1. Alibaba and Tencent have been the two biggest investors in India, together participating in funding rounds that exceed $3 billion.

2. In 2019, Xiaomi announced its seventh factory in India. Also, the company announced a $504 million (Rs 3,500 crore) investment in India in January and March 2019, from Xiaomi Singapore, to fund its India plans, which include opening 5,000 retail stores by 2020.

3. The combined sales of Chinese mobile phone companies in India crossed $7.2 billion (Rs 50,000 crore) in 2017-2018

4. Chinese companies have recently started making inroads in highway construction and the railways sector.

5. Two of China’s biggest steel companies have also set up plants in India.

6. Xinxing Group, which announced a two-phase project in a joint venture with three Indian partners to invest $1.25 billion (Rs 8,735 crore) in Karnataka.

7. Chinese auto manufacturer SAIC motor corporation has announced a $288 million investment to expand an older General Motors plant at Halol in Gujarat.

8. In the past three years, Chinese and Chinese-origin investors have poured in about $3.7 billion into Indian startups.

9. Alibaba’s investment in Paytm, Zomato, FirstCry and Big Basket and Tencent’s investments in Ola, Flipkart , Byju’s and investment in Practo.

10. China’s drug giant Fosun Pharma spent $1.09 billion acquiring a 74% stake in India’s Gland Pharma.

The recent law amended its foreign direct investment (FDI) policy to put a blanket ban on investments through the automatic route by entities from countries that share a border with India. The move is seen as an attempt to ward off the threat of “opportunistic” Chinese takeover of Indian companies, whose valuations have been badly hit by the coronavirus pandemic.

Generally, the FDI flows into India are under the automatic route, which means companies only need to inform authorities after the investment is made. The latest move signals a growing worry within government that China might seek to acquire Indian companies by exploiting their financial vulnerability.

There is investment of $2.3 bn equity FDI from China from April 2000 to December 2019, with this it is the 18th largest investor in India.

Additionally, there is an investment of about $ 4.2 bn came from Hong Kong. Several investments ,such as Xiaomi, routed through the third parties, by hiring very expensive resources. Additionally, the same company BBK Electronics Corporation-BBK (Headquarters at Dongguan, Guangdong – China) has three brands including OPPO, VIVO, One Plus and Realme.
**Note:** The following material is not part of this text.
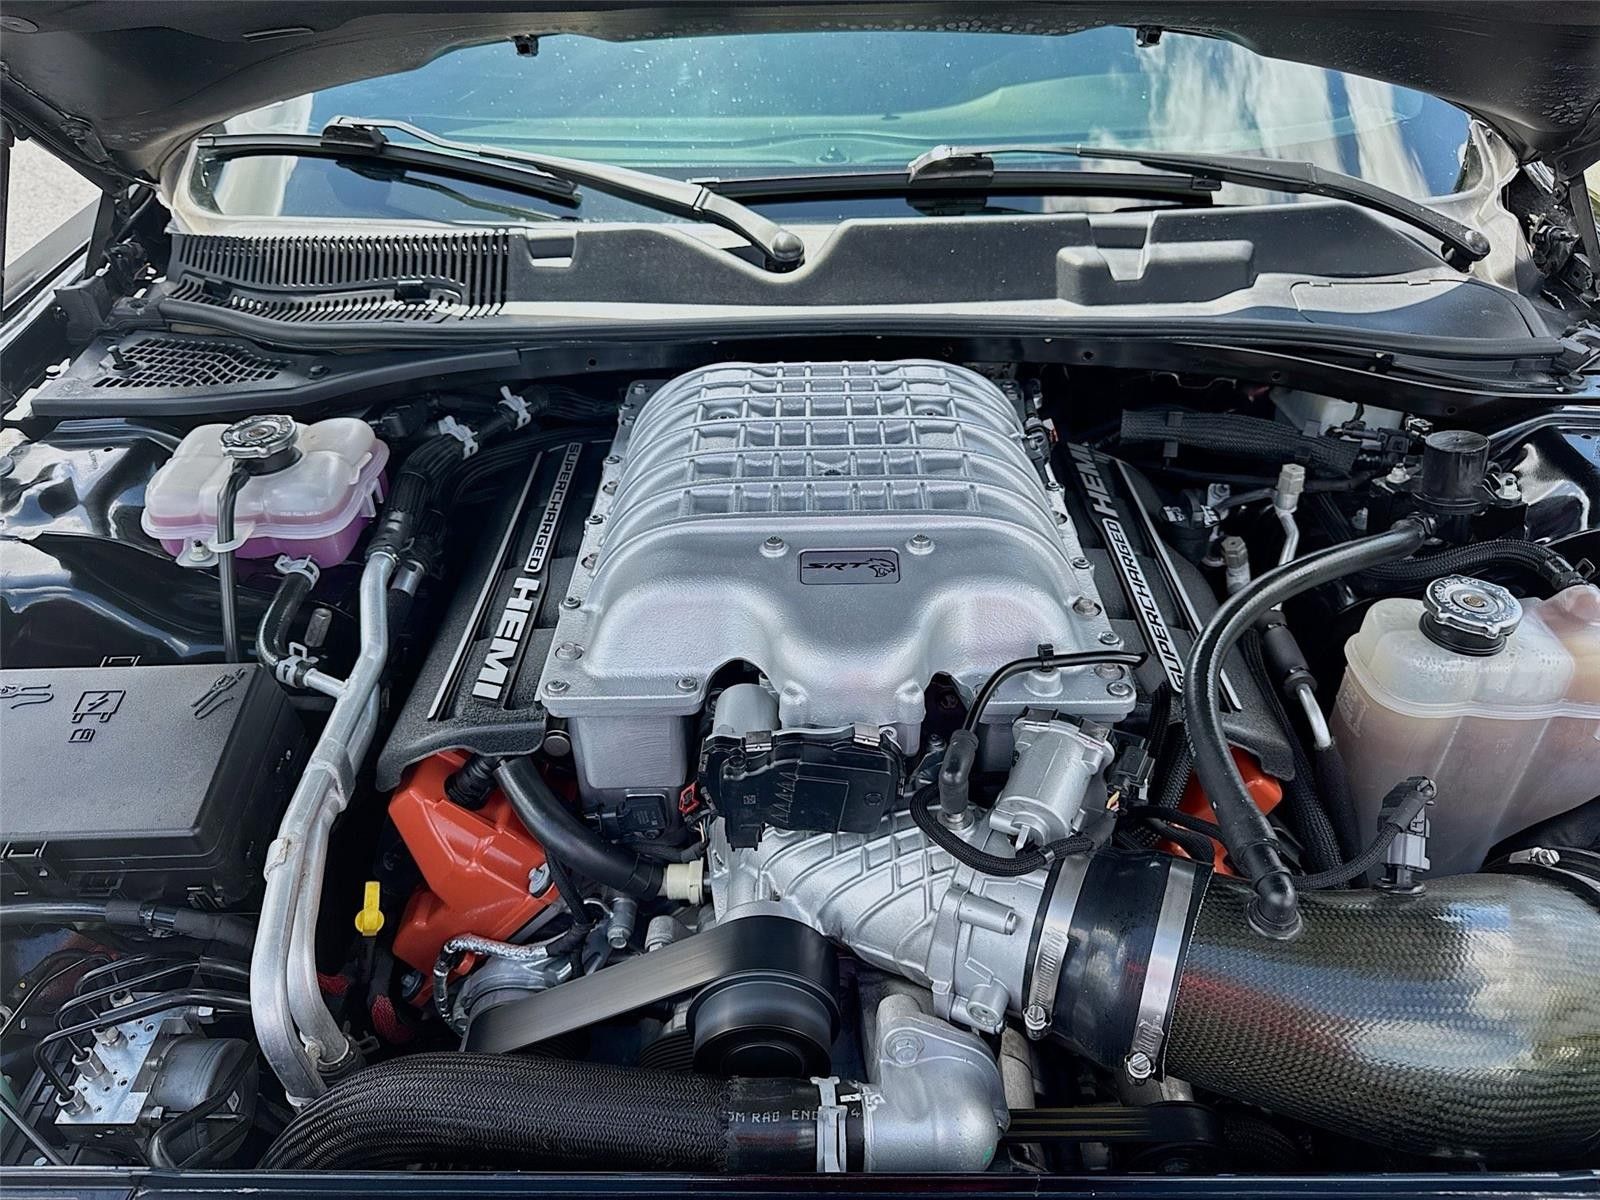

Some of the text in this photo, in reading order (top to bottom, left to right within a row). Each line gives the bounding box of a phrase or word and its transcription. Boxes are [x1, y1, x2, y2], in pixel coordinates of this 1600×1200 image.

[1067, 442, 1119, 518] HEMI
[472, 443, 582, 700] SUPERCHARGED HEMI
[803, 562, 869, 571] SRT
At the same time Meanwhile, BBK is about to launch a new brand by the name of imoo – targeted towards creating educational phones for the children.

This move coincides with similar barriers erected by other countries like Germany, Italy, Spain and Australia to block predatory capital from China. Modi government’s decision is specifically targeted at China given that the automatic route was already closed for flows from Pakistan and Bangladesh. The bluntness of the government’s decision reflects the seriousness of its worry.

Putting FDI from all countries under the approval route would have also slowed down inflows, which are critical at this time. With the threat of Chinese capital moving in appearing serious, the authorities decided to be specific in a turn away from the cautiousness that has defined New Delhi’s approach towards Beijing.

The Indian government’s move, cleared by the Union Cabinet, comes days after it emerged that the People’s Bank of China has increased its stake in HDFC Bank, the country’s largest private lender, to over 1%. But while the PBOC investment came through the portfolio investment route, the FDI move is more strategic and is aimed at blocking any attempt to restrict entities from across the border to acquire a significant beneficial interest. Stock market regulator SEBI is separately keeping tabs on investments from China and some other countries.

Chinese banks are also ready to offer debt to large-cap Indian companies. One such bank, the Industrial and Commercial Bank of China (ICBC) maintains an office in Mumbai’s Bandra Kurla Complex and, according to banking sources, has recently beefed up its team in India. It had even sued Indian businessman Anil Ambani in a London court in late 2019 to recover loans given to Reliance Communications.

Following the SEBI action, there were reports about Chinese funds considering exiting their Indian investments.